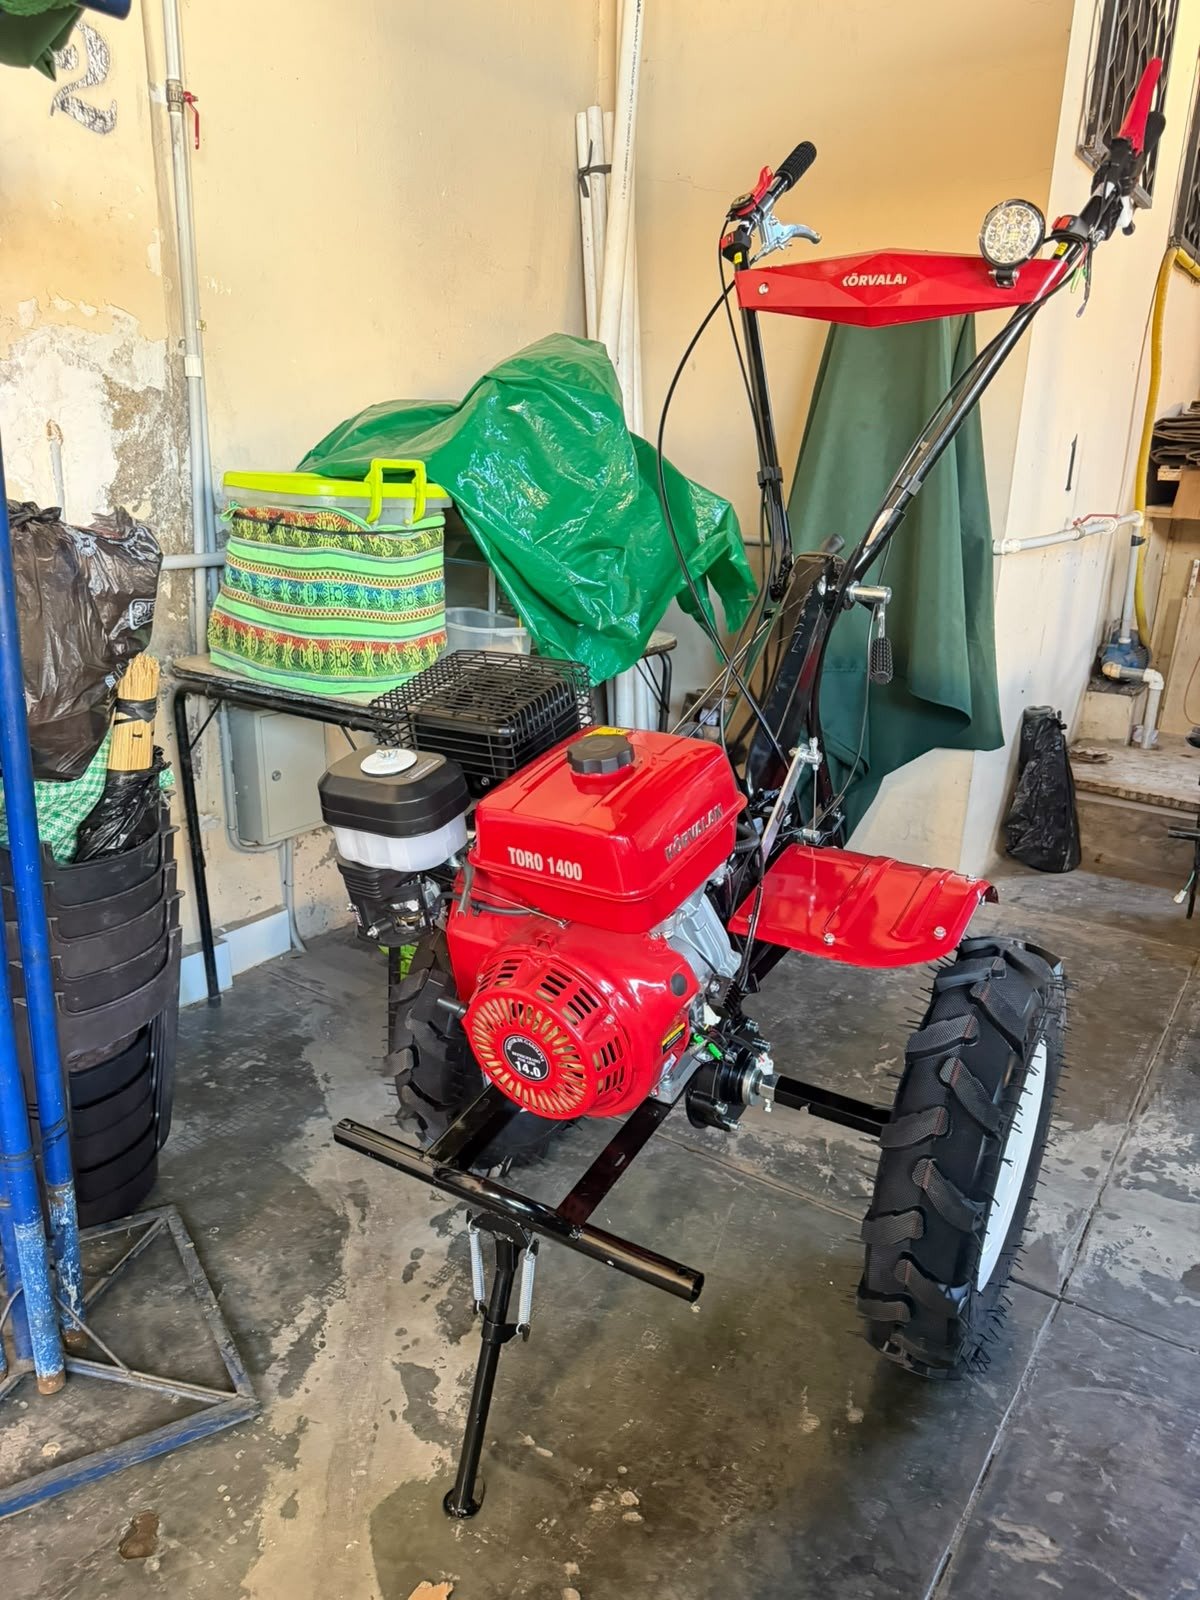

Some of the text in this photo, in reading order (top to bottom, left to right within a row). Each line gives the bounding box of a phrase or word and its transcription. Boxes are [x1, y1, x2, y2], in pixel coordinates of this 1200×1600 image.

[50, 20, 118, 136] 2
[507, 846, 583, 881] TORO 1400
[515, 1061, 541, 1077] 14.0
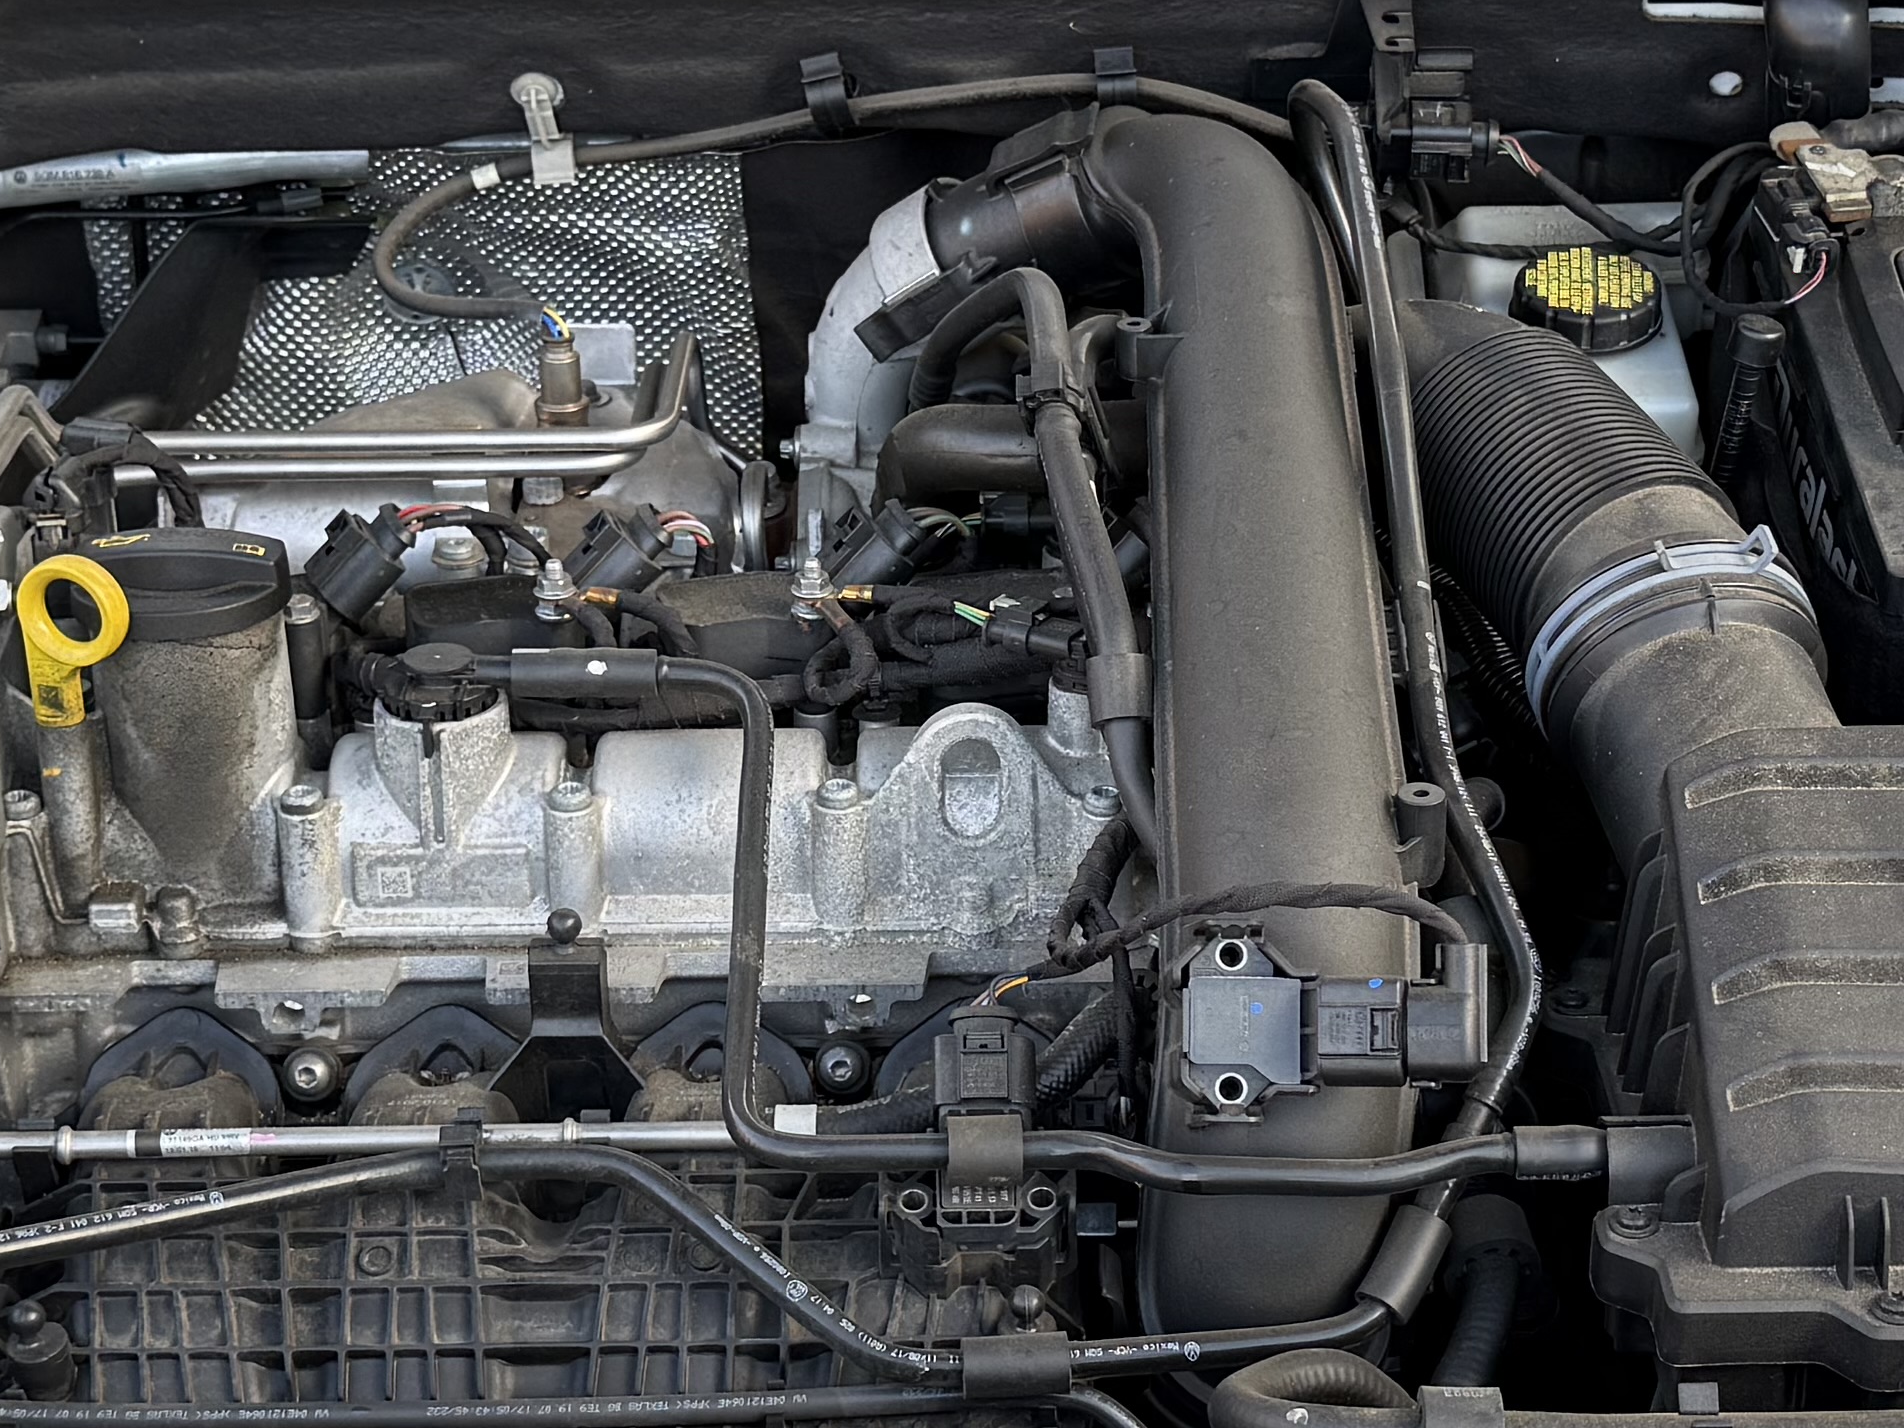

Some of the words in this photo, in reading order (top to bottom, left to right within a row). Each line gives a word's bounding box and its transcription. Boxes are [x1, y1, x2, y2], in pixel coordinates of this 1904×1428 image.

[94, 1212, 114, 1223] 612
[718, 1396, 786, 1408] 04E121064E
[791, 1394, 808, 1404] VW
[579, 1403, 600, 1413] TE9
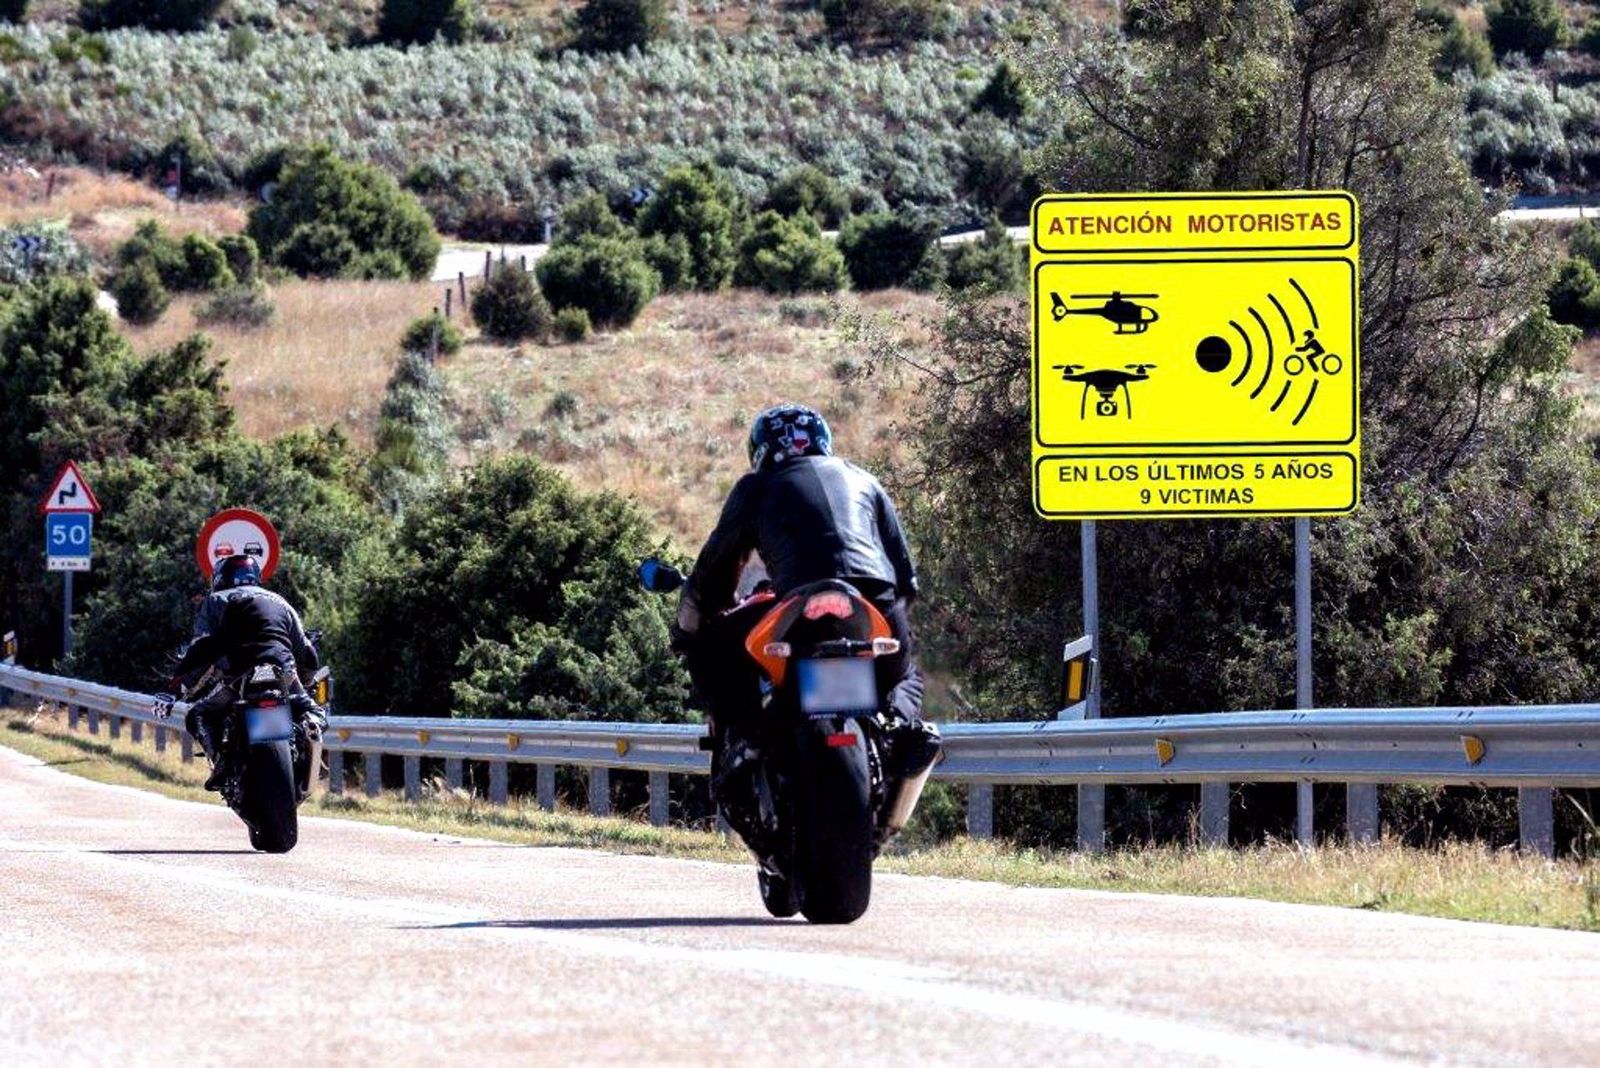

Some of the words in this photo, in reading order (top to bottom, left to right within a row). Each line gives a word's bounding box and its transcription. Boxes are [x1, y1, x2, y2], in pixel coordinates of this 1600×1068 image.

[1048, 211, 1172, 235] ATENCIÓN
[1188, 212, 1341, 234] MOTORISTAS
[1058, 465, 1088, 482] EN
[1096, 464, 1139, 482] LOS
[1148, 460, 1245, 481] ÚLTIMOS
[1254, 463, 1265, 480] 5
[1272, 459, 1334, 480] AÑOS
[1140, 489, 1152, 505] 9
[1159, 487, 1254, 505] VICTIMAS
[53, 525, 86, 544] 50

→ **Work to be completed**: Here the job is to print the data above exactly, except for any pictures.

→ **Answer to this exercise**:
Some of the text in this photo, in reading order (top to bottom, left to right within a row). Each line gives the bounding box of a phrase or word and its transcription. Boxes are [x1, y1, x2, y2], in pixel coordinates of this 1200×1600 image.

[50, 20, 118, 136] 2
[507, 846, 583, 881] TORO 1400
[515, 1061, 541, 1077] 14.0

Some of the words in this photo, in reading order (top to bottom, left to right within a row). Each line gives a word's bounding box and its transcription. Boxes are [x1, y1, x2, y2], in pixel coordinates of this 1904×1428 image.

[94, 1212, 114, 1223] 612
[718, 1396, 786, 1408] 04E121064E
[791, 1394, 808, 1404] VW
[579, 1403, 600, 1413] TE9

Some of the words in this photo, in reading order (top to bottom, left to right within a row). Each line gives a word's bounding box and its transcription. Boxes are [x1, y1, x2, y2], in pixel coordinates of this 1600×1068 image.

[1048, 211, 1172, 235] ATENCIÓN
[1188, 212, 1341, 234] MOTORISTAS
[1058, 465, 1088, 482] EN
[1096, 464, 1139, 482] LOS
[1148, 460, 1245, 481] ÚLTIMOS
[1254, 463, 1265, 480] 5
[1272, 459, 1334, 480] AÑOS
[1140, 489, 1152, 505] 9
[1159, 487, 1254, 505] VICTIMAS
[53, 525, 86, 544] 50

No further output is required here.